Китайцы подвижны, в коротких синих кофтах, таких же широких штанах, завязанных у ступни, на ногах туфли, подбитые в два ряда толстым войлоком. Нижний ряд войлока не доходит до носка, и таким образом равновесие получается не совсем устойчивое. Китайская толпа оживлена, несутся гортанные звуки, длинные косы всегда черных, жестких и прямых волос спускаются почти до земли. У кого волос не хватает, тот приплетает ленту.
Корейцы – противоположность китайцу: такой же костюм, но белый. Движения апатичны и спокойны: все это, окружающее, его не касается. Он курит свою маленькую трубку, или, вернее, держит во рту длинный, в аршин, чубучок с коротенькой трубочкой и степенно идет. Шляпы нет – на голове его пышная и затейливая прическа, кончающаяся на макушке, так же, как и модная дамская, пучком закрученных волос, продетых цветной булавкой. Лицо корейца широкое, желтое, скулы большие, выдающиеся; глаза маленькие, нос картофелькой; жидкая, очень жидкая, в несколько волосков, бородка, такие же усы, почти полное отсутствие бакенбард. Выше среднего роста, широкоплечи, и в своих белых костюмах, с неспешными движениями и добродушным выражением, они очень напоминают тех типичных хохлов, которые попадают впервые в город: за сановитой важностью и видимым равнодушием прячут они свое смущение, а может быть, и страх.
Много японок, в их халатах-платьях в обтяжку, с открытой шеей, широчайшим бантом сзади, без шляпы, в своей прическе, которую делает японка раз на всю неделю, смазывая волосы каким-то твердеющим веществом. Ходят они на неустойчивых деревянных подставках. Упасть с ними легко, чему мы и были свидетелями: японка загляделась, потеряла равновесие и, подгибая коленки, полетела на землю. Японки низкорослы, мясисты, с лицом без всякого выражения. Не крупнее и мужское поколение японцев, в своих европейских костюмах, шляпах котелком, из-под которых торчат черные, жесткие, как хвост лошади, волосы.

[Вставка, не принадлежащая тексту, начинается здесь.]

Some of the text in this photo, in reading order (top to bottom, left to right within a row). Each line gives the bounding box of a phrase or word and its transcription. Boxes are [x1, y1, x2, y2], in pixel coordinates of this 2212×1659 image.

Китайцы – каменщики, носильщики, прислуга; японцы – мастеровые. Высший класс китайцев и японцев захватил и здесь торговлю. В руках у русских только извозчичий промысел.
Среди японцев множество отставных солдат, резервистов, запасных унтер-офицеров и офицеров.

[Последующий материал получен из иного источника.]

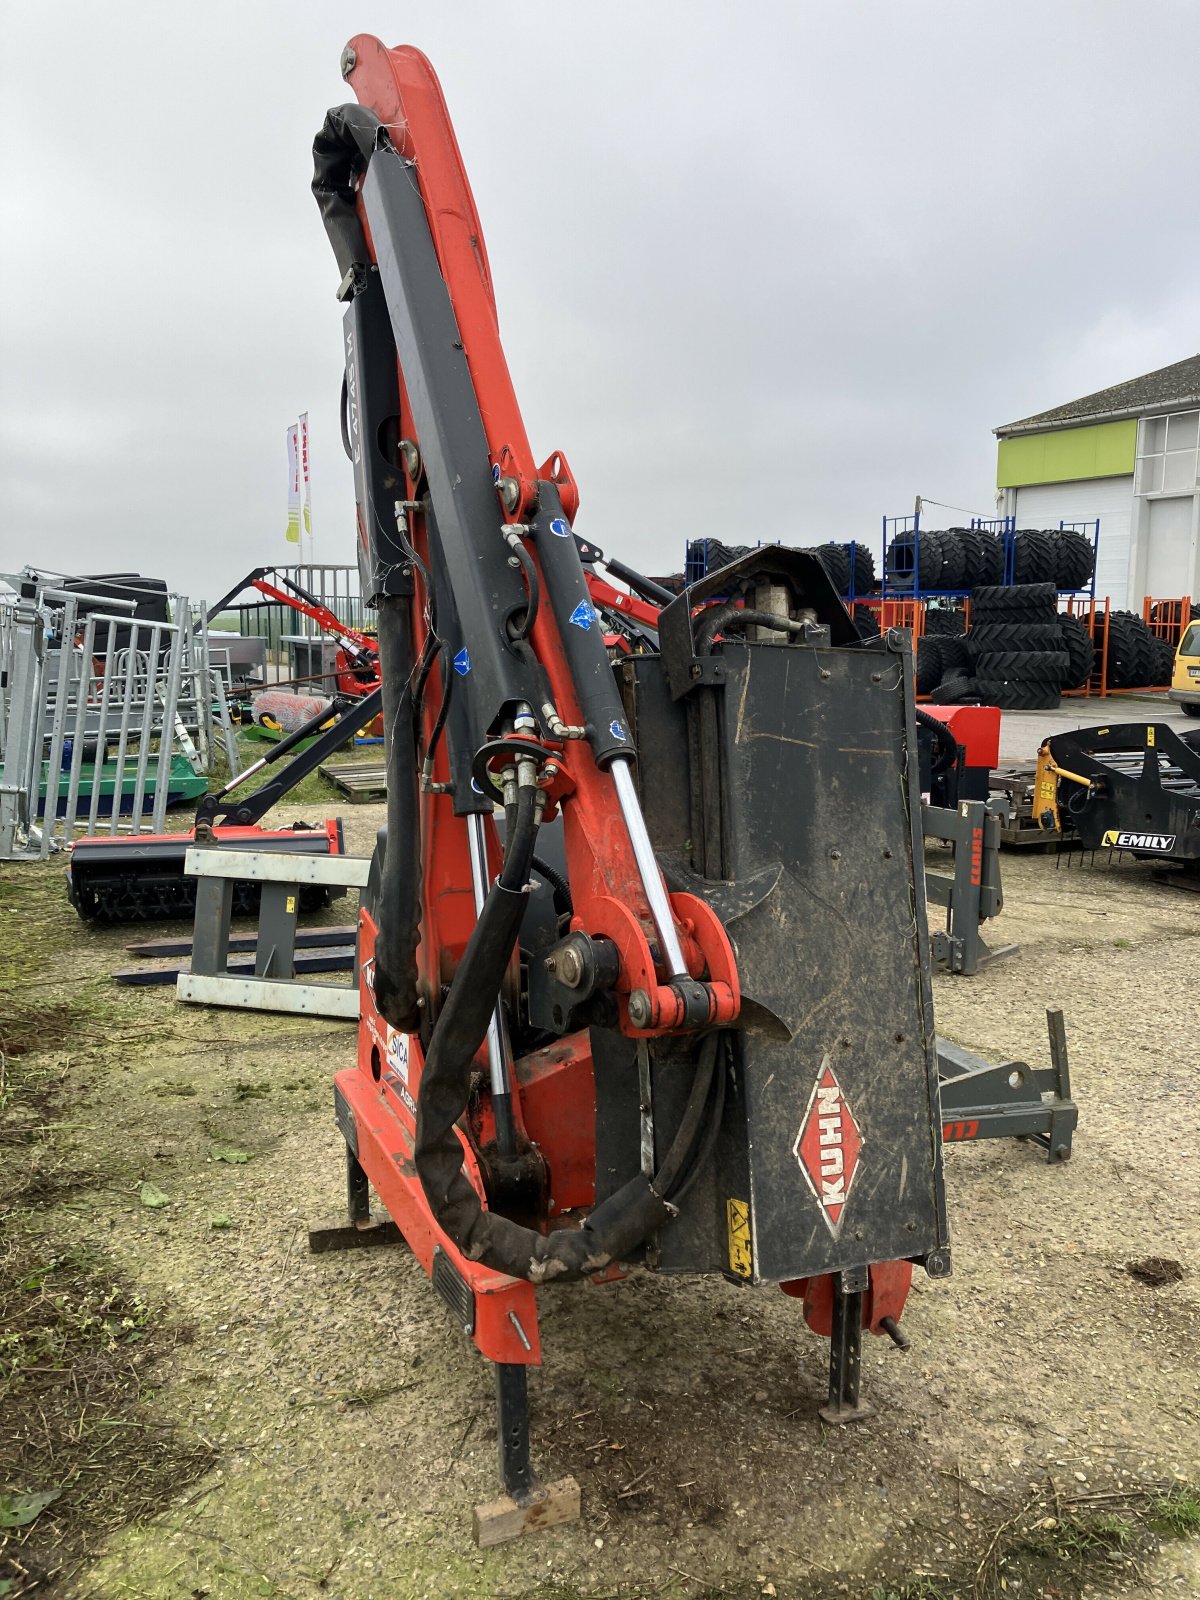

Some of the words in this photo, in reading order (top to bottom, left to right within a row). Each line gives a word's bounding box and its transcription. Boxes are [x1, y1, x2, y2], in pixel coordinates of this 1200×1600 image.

[345, 332, 354, 357] M
[348, 363, 359, 435] 4745
[354, 443, 361, 464] E
[970, 827, 982, 886] CLAAS
[1118, 834, 1172, 849] EMILY
[391, 1034, 408, 1068] SICA
[817, 1087, 845, 1206] KUHN

– Эти желтые люди обладают четвертым измерением: они проходят чрез нас, а мы не можем…
Это говорит местный житель.
Мы в это время подходим к какой-то запрещенной полосе, и нам говорят:
– Нельзя!
– Секрет от нас, своих, – поясняет местный житель, – а эти, с четвертым измерением, там: каменщик, плотник, слуга, нянька, повар, – они проходят везде, без них нельзя. Они знают все, их здесь в несколько раз больше, чем нас, русских, и среди них мы ходим и живем, как в гипнозе.
Всё здесь, действительно, в руках желтых. Пусть попробует, например, думающий строиться домовладелец выжечь кирпич на своем заводе, а не купить его у китайца. Такого собственного кирпича рабочий китаец изведет хозяину почти вдвое против купленного у китайца.
– Плохой кирпич – бьется.
Если хозяин начнет ругаться, китайцы бросят работу и уйдут, и никто к этому хозяину не придет, пока он не войдет в новое соглашение с их представителем.

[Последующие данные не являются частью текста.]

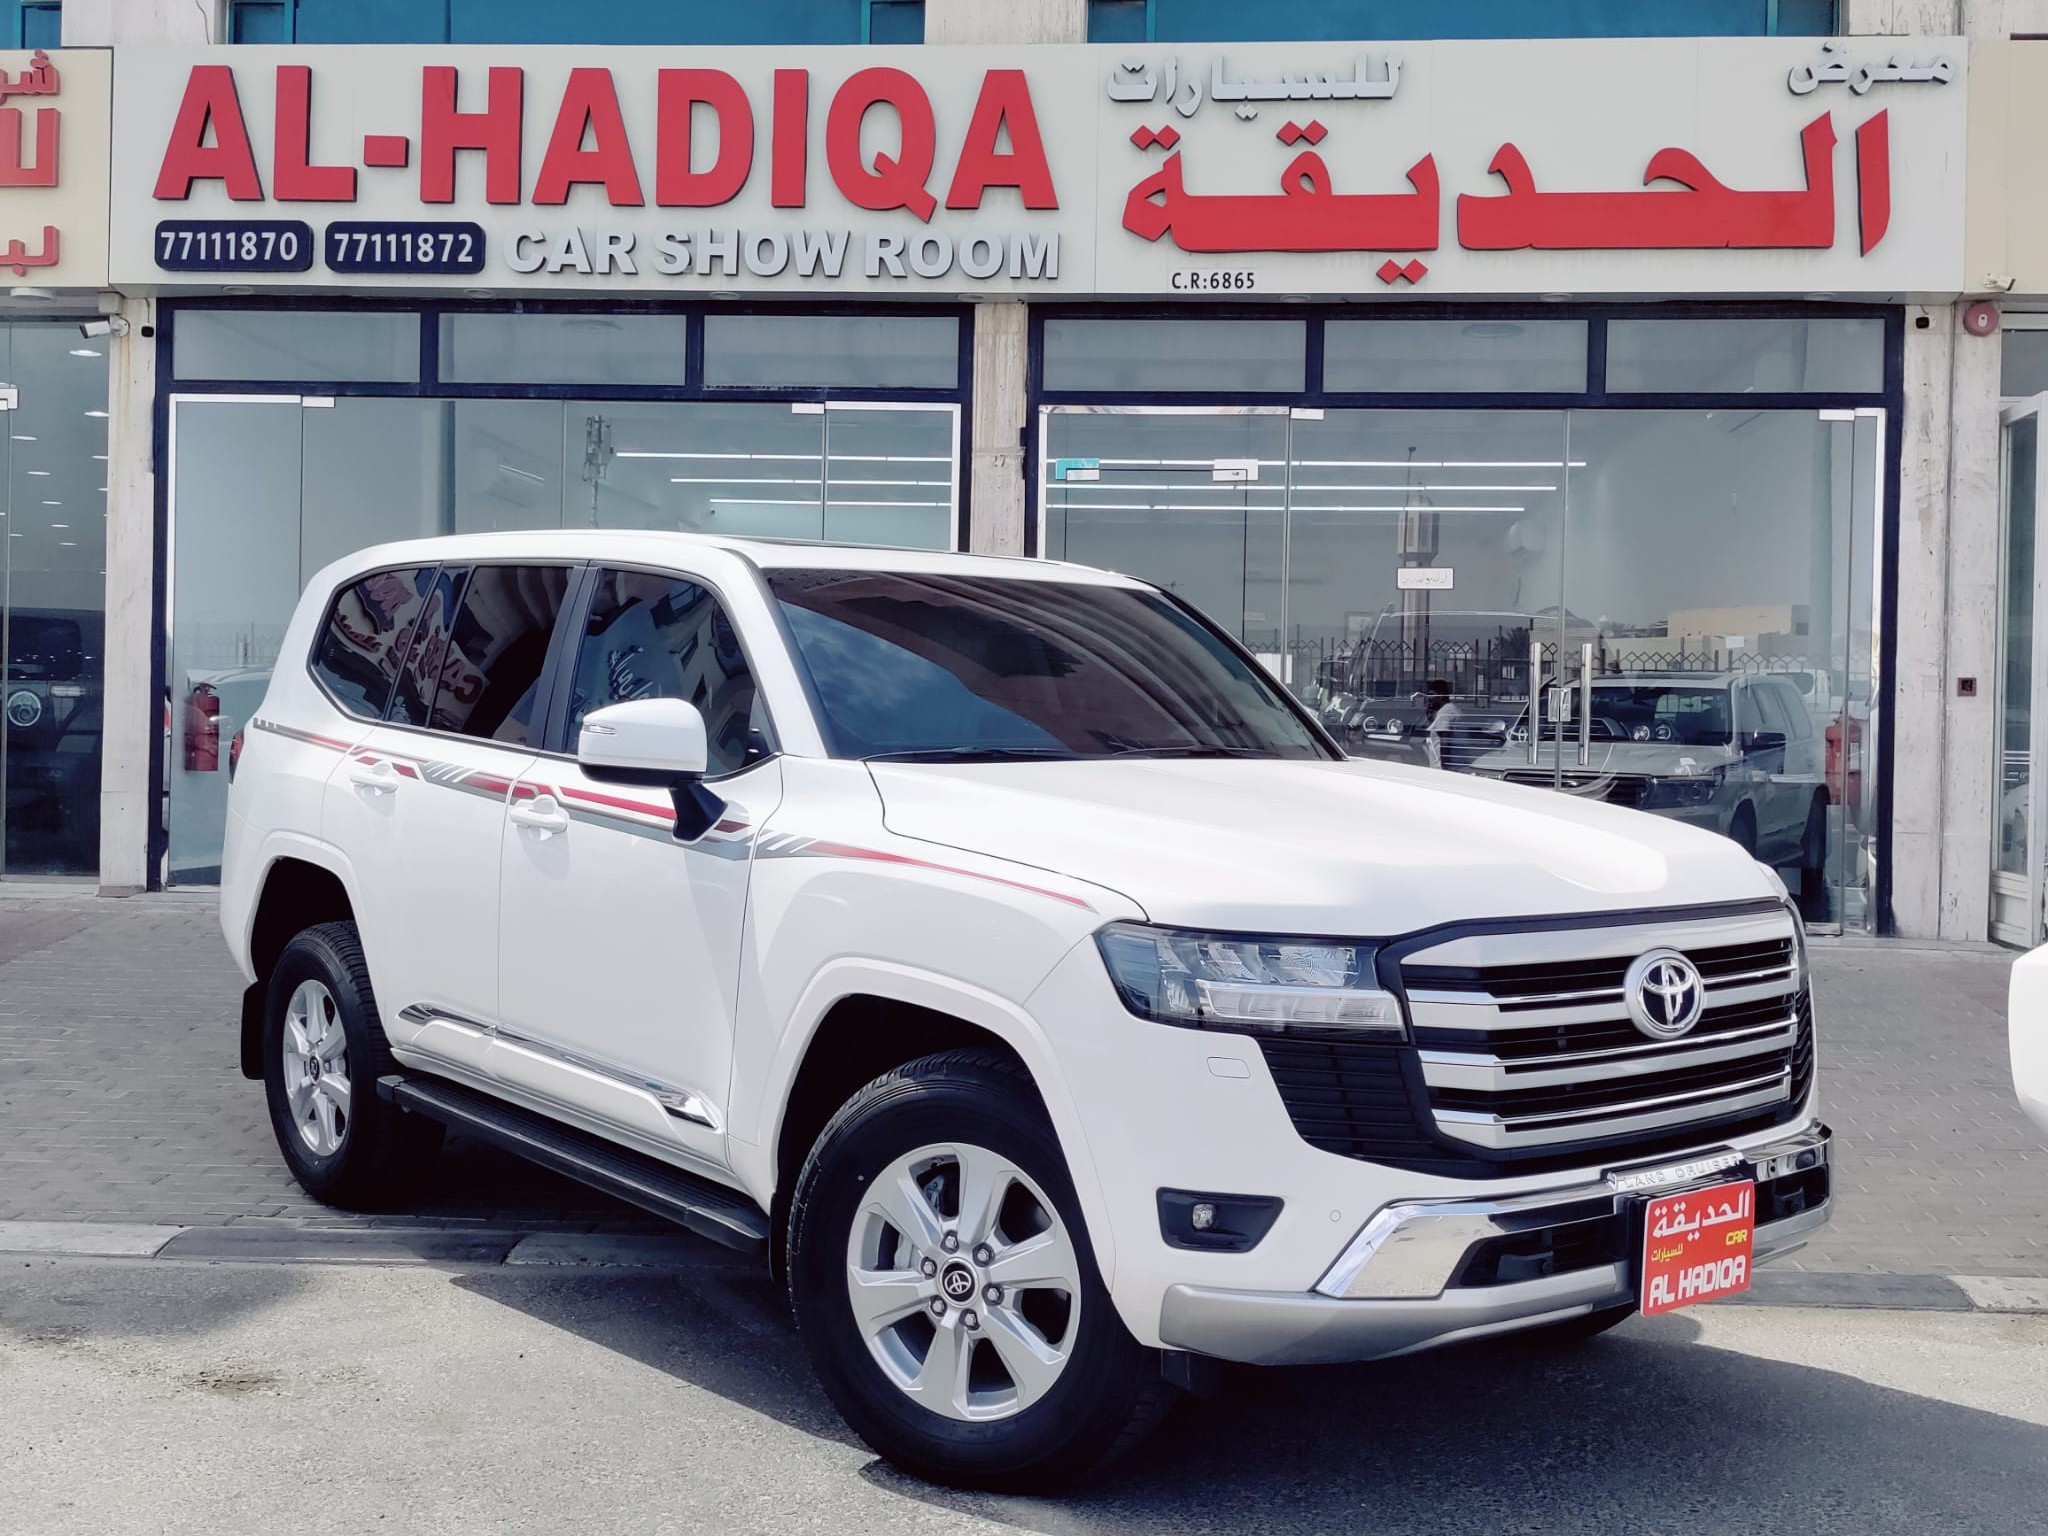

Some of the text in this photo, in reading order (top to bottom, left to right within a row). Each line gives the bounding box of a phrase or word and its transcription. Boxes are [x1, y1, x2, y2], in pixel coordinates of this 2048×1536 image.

[1107, 52, 1404, 120] للسيارات
[1787, 41, 1954, 96] معرض
[152, 64, 1060, 223] AL-HADIQA
[1122, 107, 1891, 285] الحديقة
[159, 229, 299, 262] 77111870
[333, 231, 473, 264] 77111872
[502, 226, 1060, 280] CAR SHOW ROOM
[1171, 271, 1256, 291] C.R:6865
[1652, 1189, 1750, 1242] الحديقة
[1725, 1229, 1748, 1246] CAR
[1651, 1243, 1684, 1263] للسيارات
[1648, 1255, 1747, 1308] AL HADIQA

Представителем этим называют одного китайца, который искусно руководит здесь всем китайским населением, облагая их всякого рода произвольными, но добровольными поборами. Частью этих поборов он кое с кем делится, часть остается в его широких карманах. Но зато все вопросы, касающиеся правильности паспортов, для китайца не страшны, и свободно процветает азартная игра в китайских притонах.
Терпеливый, трудолюбивый китаец оказывается страстным игроком и зачастую в один вечер проигрывает все накопленное им. Проигрывает с сократовским равнодушием и опять идет работать.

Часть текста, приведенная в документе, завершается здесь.